DATA RECORDS
=== Section Start ===

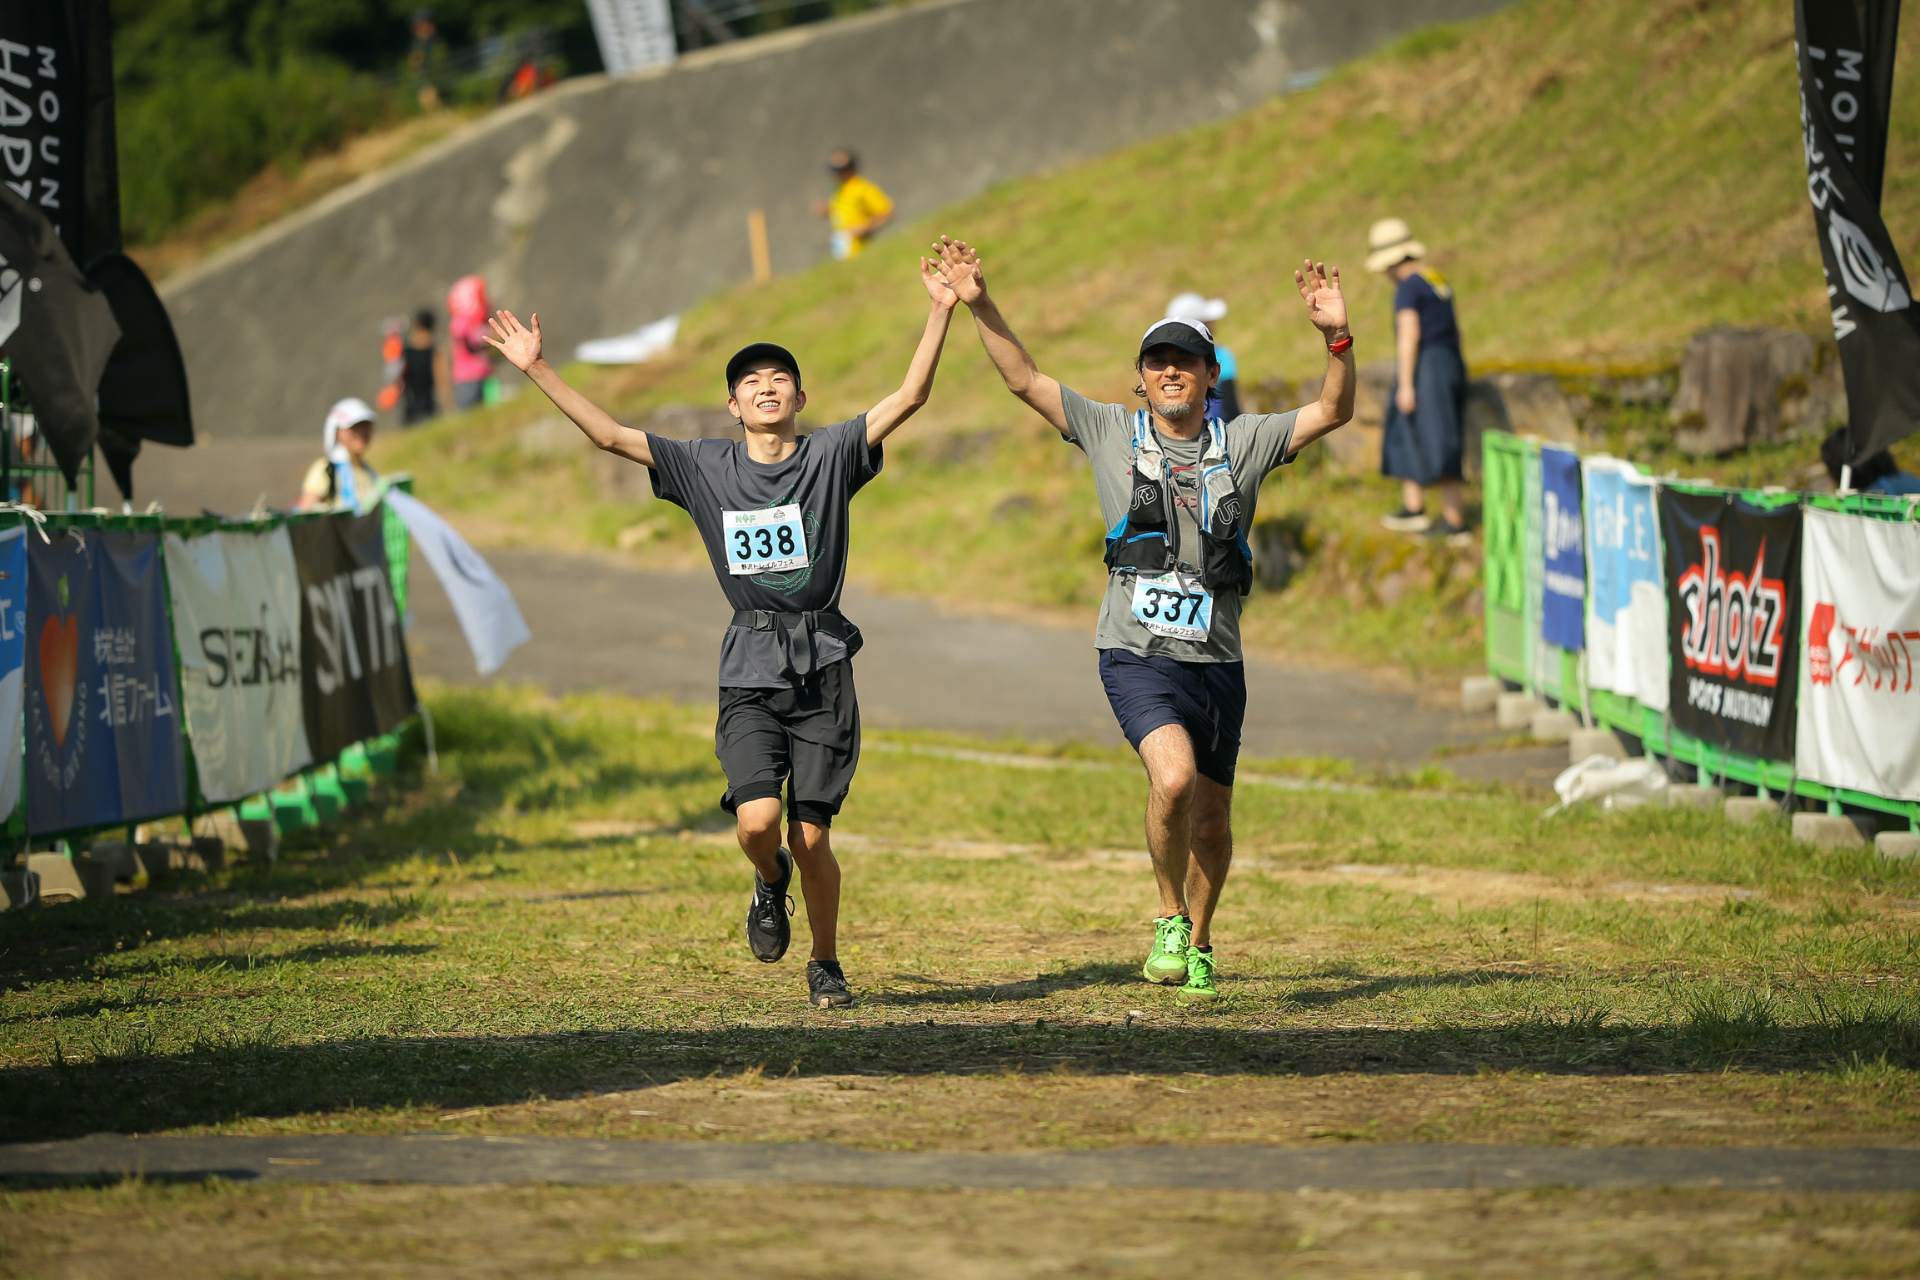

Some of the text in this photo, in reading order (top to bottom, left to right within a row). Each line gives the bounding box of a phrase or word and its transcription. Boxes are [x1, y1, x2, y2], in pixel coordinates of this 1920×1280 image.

[734, 525, 795, 560] 338
[741, 558, 795, 571] 野沢トレイルフェス
[1142, 587, 1204, 625] 337
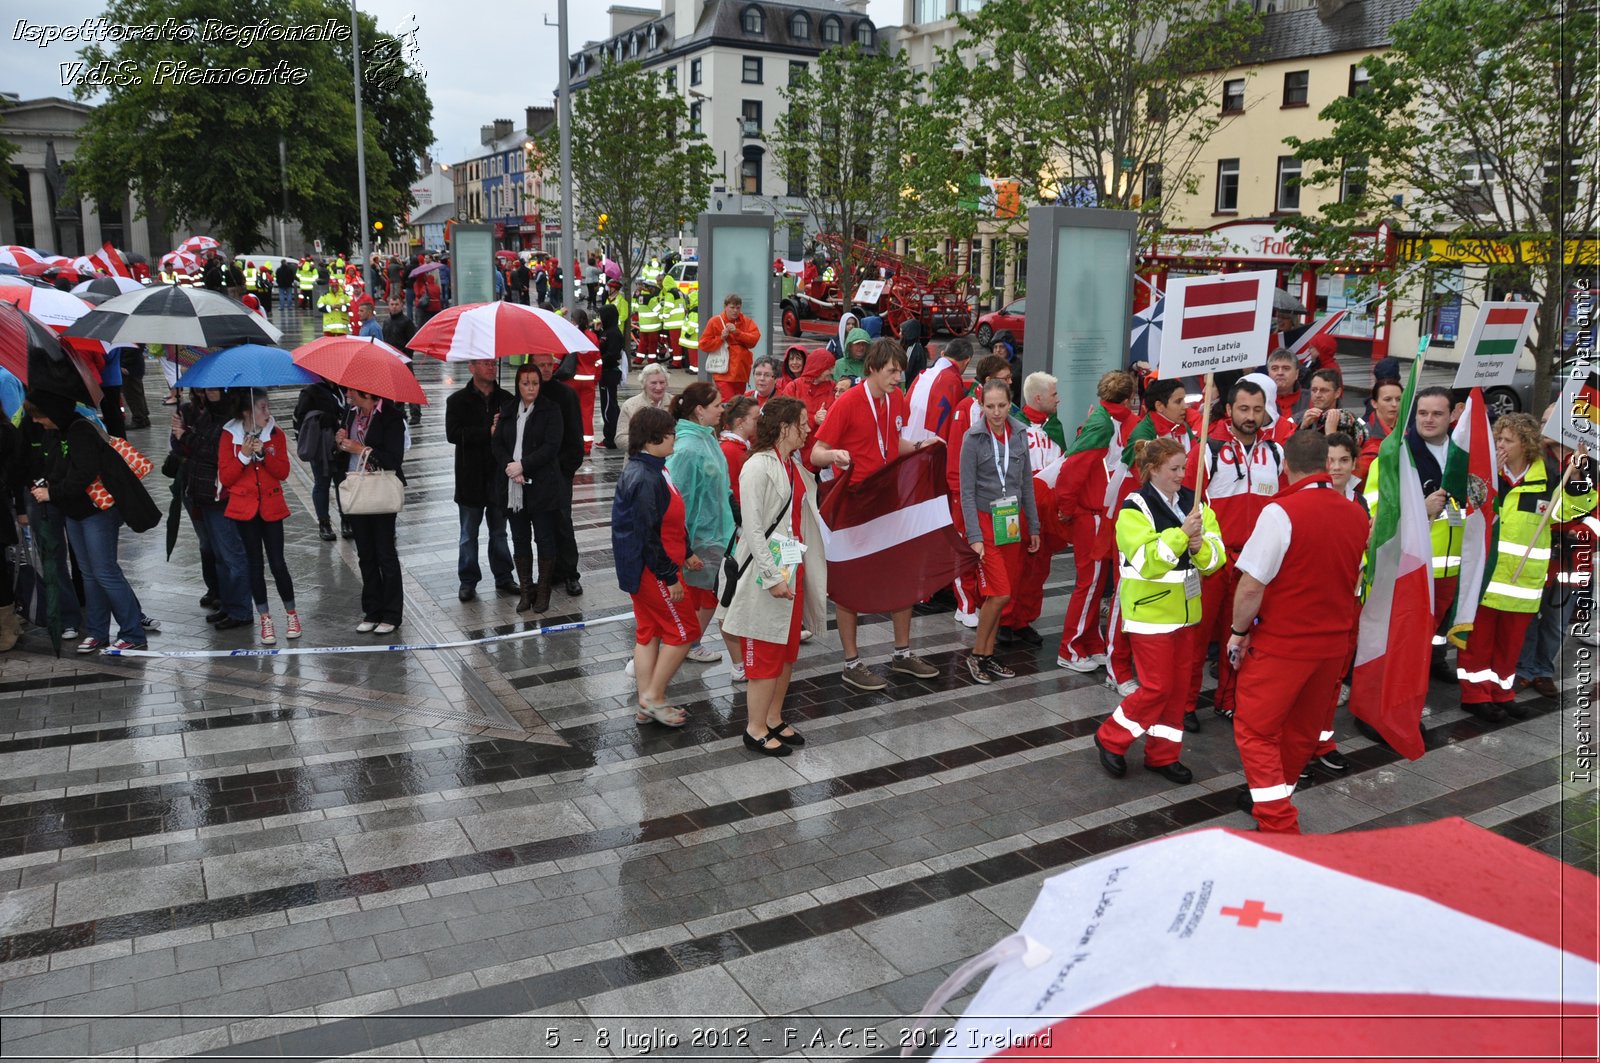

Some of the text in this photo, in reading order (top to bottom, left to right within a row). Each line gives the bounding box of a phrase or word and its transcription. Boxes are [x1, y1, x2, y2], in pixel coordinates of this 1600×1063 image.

=== Section End ===

EXERCISE DIRECTIONS
Word for word, give back each entry from above, but skip any picture.

EXERCISE OUTPUT
Some of the text in this photo, in reading order (top to bottom, left to right within a row). Each line gives the bounding box of a phrase or word and its transcription. Boxes are [x1, y1, x2, y2], in pixel coordinates of this 1920×1280 image.

[734, 525, 795, 560] 338
[741, 558, 795, 571] 野沢トレイルフェス
[1142, 587, 1204, 625] 337

Some of the text in this photo, in reading order (top to bottom, left to right within a row). Each line gives the bounding box of a phrase or word and its transcription. Boxes are [x1, y1, x2, y2], in pixel coordinates of this 1600×1063 image.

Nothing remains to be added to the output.